-- PROVIDED ENTRIES --
************
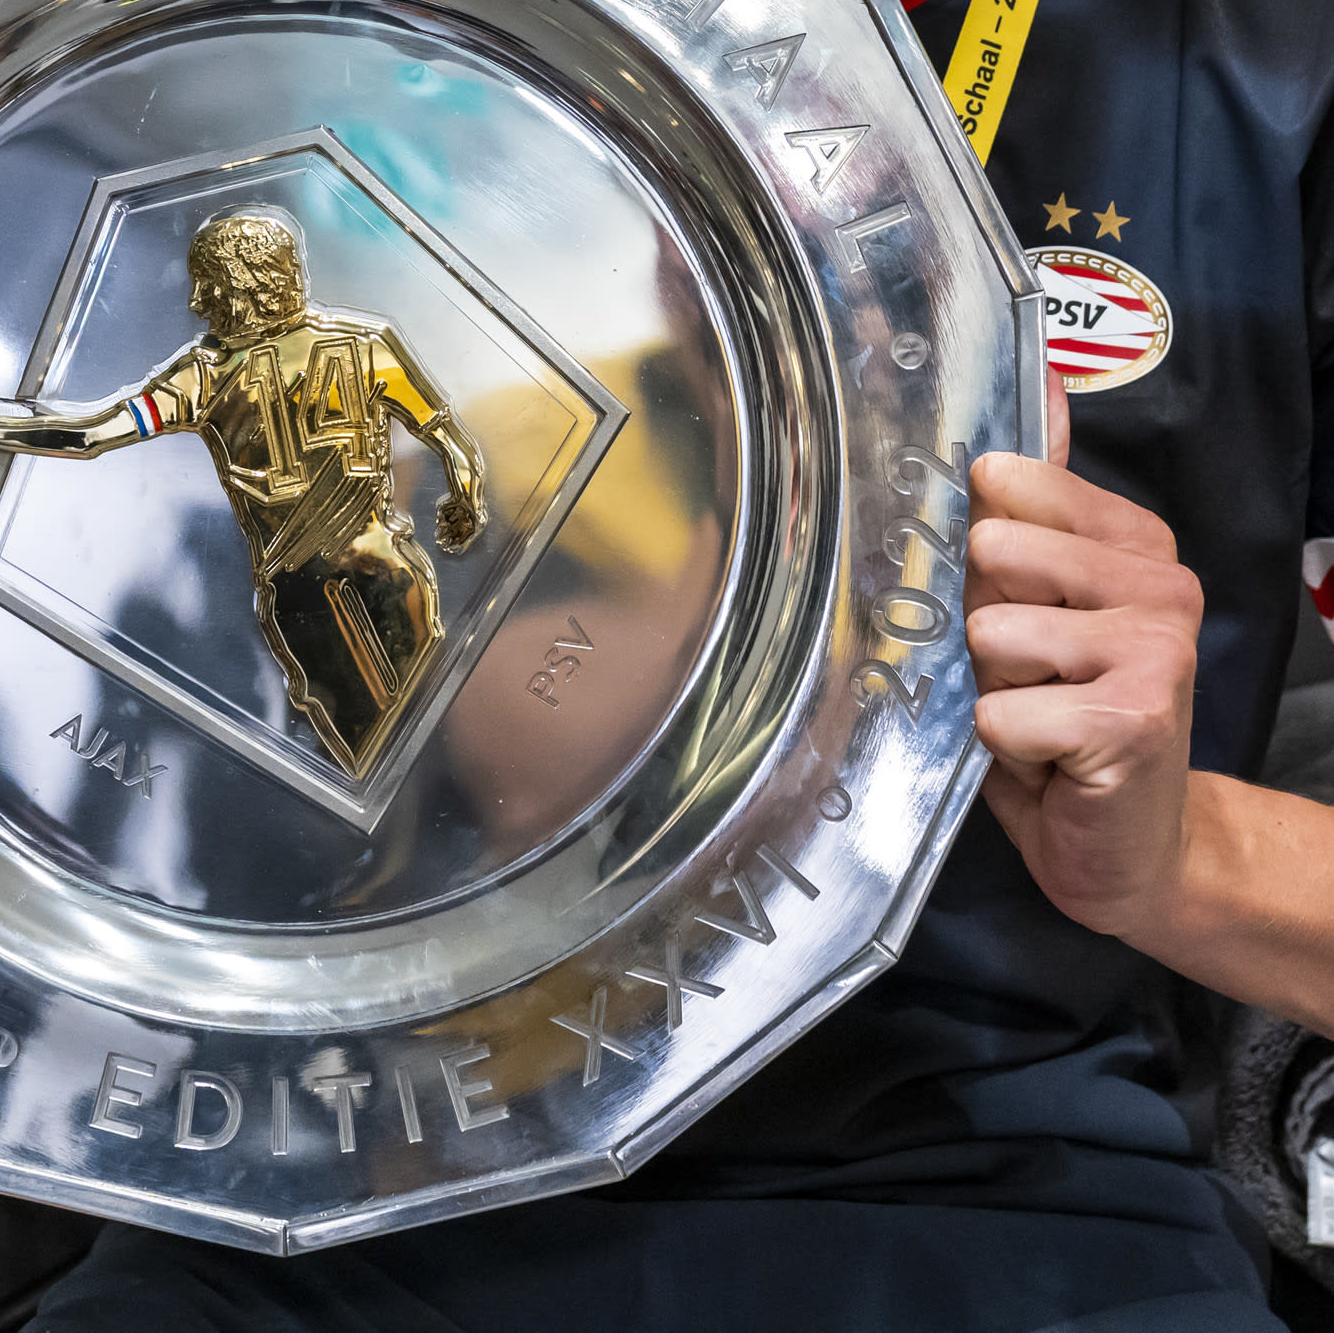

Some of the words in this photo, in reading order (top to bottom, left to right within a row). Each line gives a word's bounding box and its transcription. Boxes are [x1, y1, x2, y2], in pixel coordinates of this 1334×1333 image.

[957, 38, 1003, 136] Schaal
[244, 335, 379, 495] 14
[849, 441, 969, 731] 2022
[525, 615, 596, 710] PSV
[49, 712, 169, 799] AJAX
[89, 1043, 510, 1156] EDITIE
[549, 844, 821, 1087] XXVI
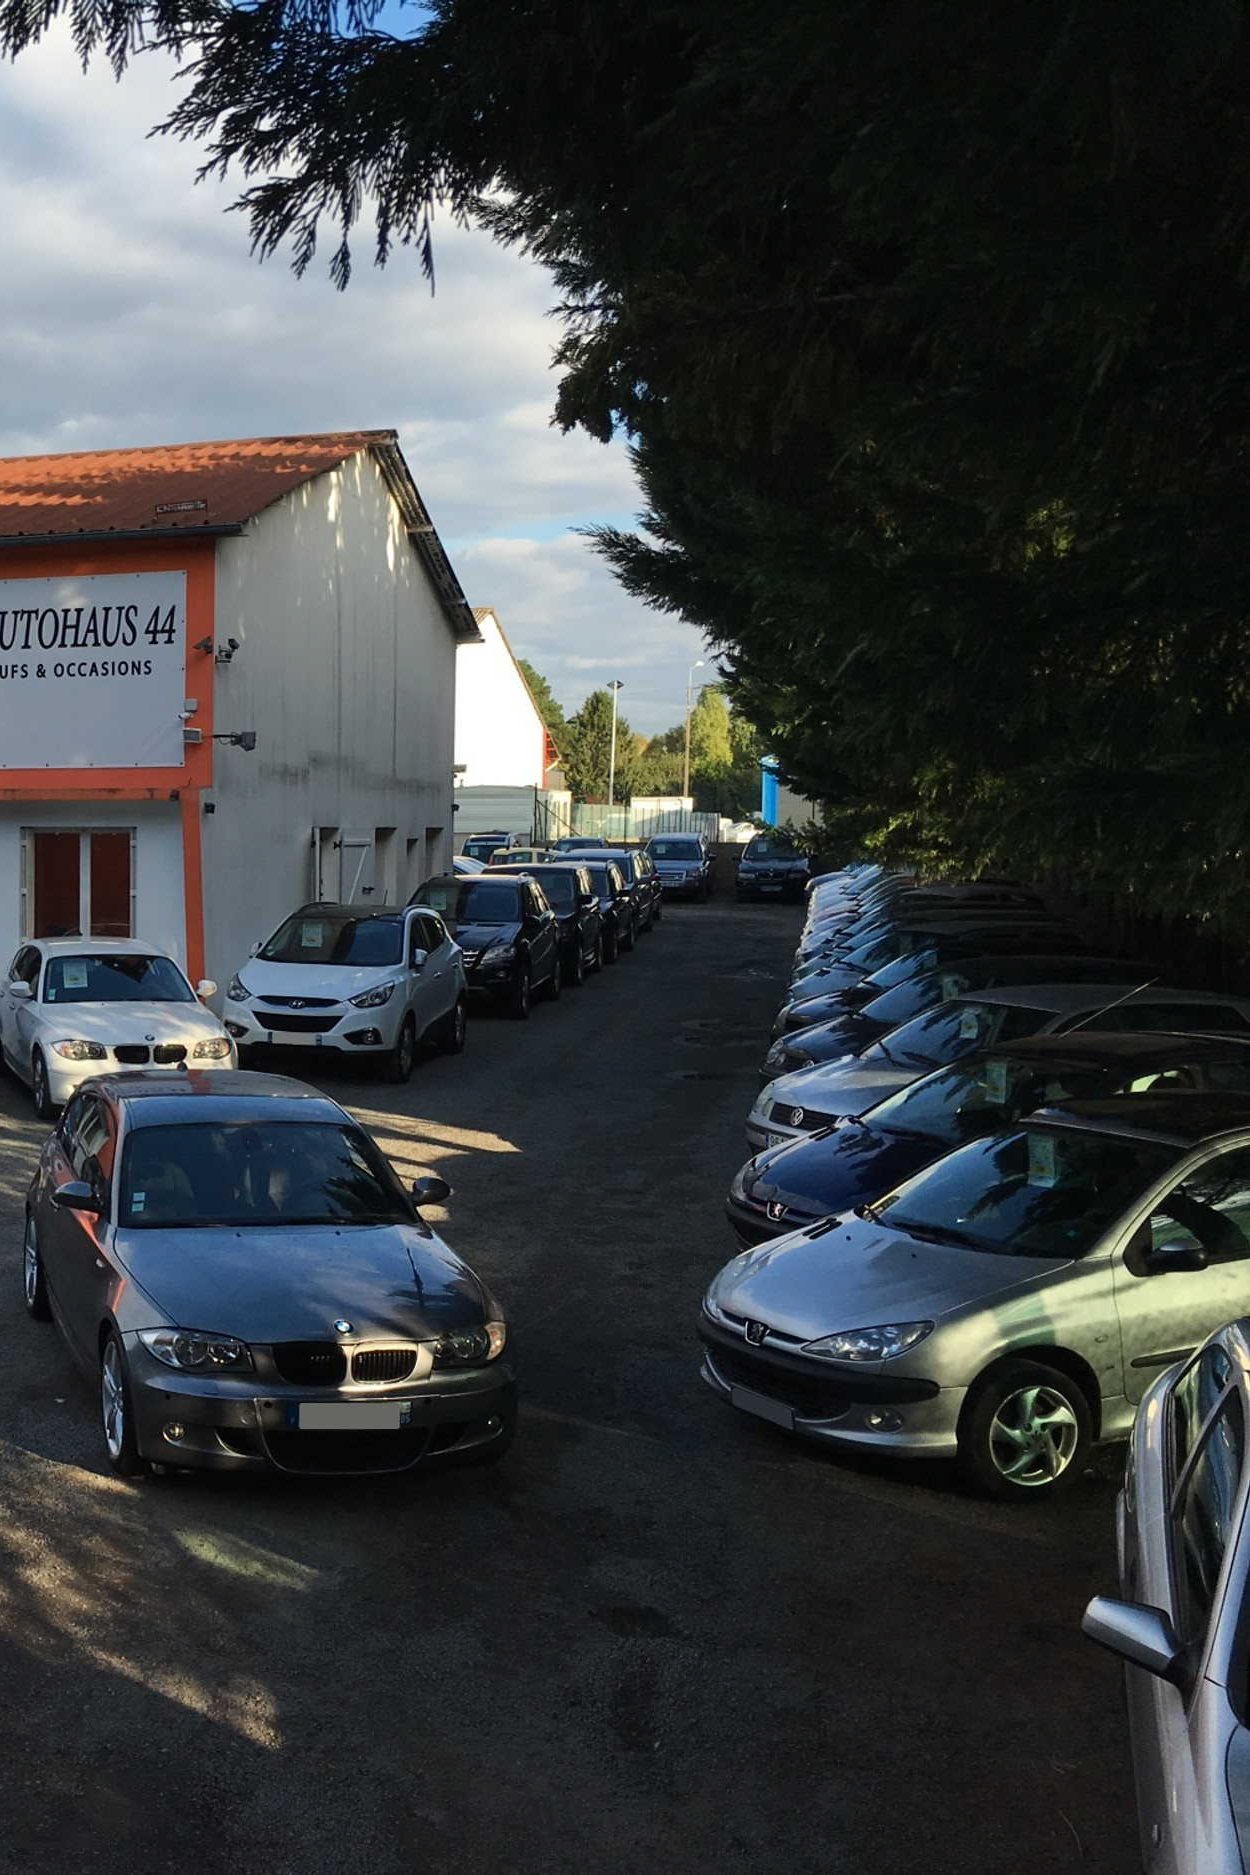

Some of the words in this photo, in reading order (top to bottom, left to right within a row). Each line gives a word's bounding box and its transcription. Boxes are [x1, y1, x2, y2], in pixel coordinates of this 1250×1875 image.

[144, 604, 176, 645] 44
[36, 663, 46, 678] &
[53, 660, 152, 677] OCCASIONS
************
-- AIM OF THE TASK --
Give the entries again exactly, but skip every image.

-- EXERCISE RESULT --
Some of the words in this photo, in reading order (top to bottom, left to right within a row). Each line gives a word's bounding box and its transcription. Boxes are [x1, y1, x2, y2], in pixel coordinates of this 1334×1333 image.

[957, 38, 1003, 136] Schaal
[244, 335, 379, 495] 14
[849, 441, 969, 731] 2022
[525, 615, 596, 710] PSV
[49, 712, 169, 799] AJAX
[89, 1043, 510, 1156] EDITIE
[549, 844, 821, 1087] XXVI

Some of the words in this photo, in reading order (top to bottom, left to right within a row). Each line gives a word's bounding box and its transcription. Boxes are [x1, y1, x2, y2], in pixel coordinates of this 1250×1875 image.

[144, 604, 176, 645] 44
[36, 663, 46, 678] &
[53, 660, 152, 677] OCCASIONS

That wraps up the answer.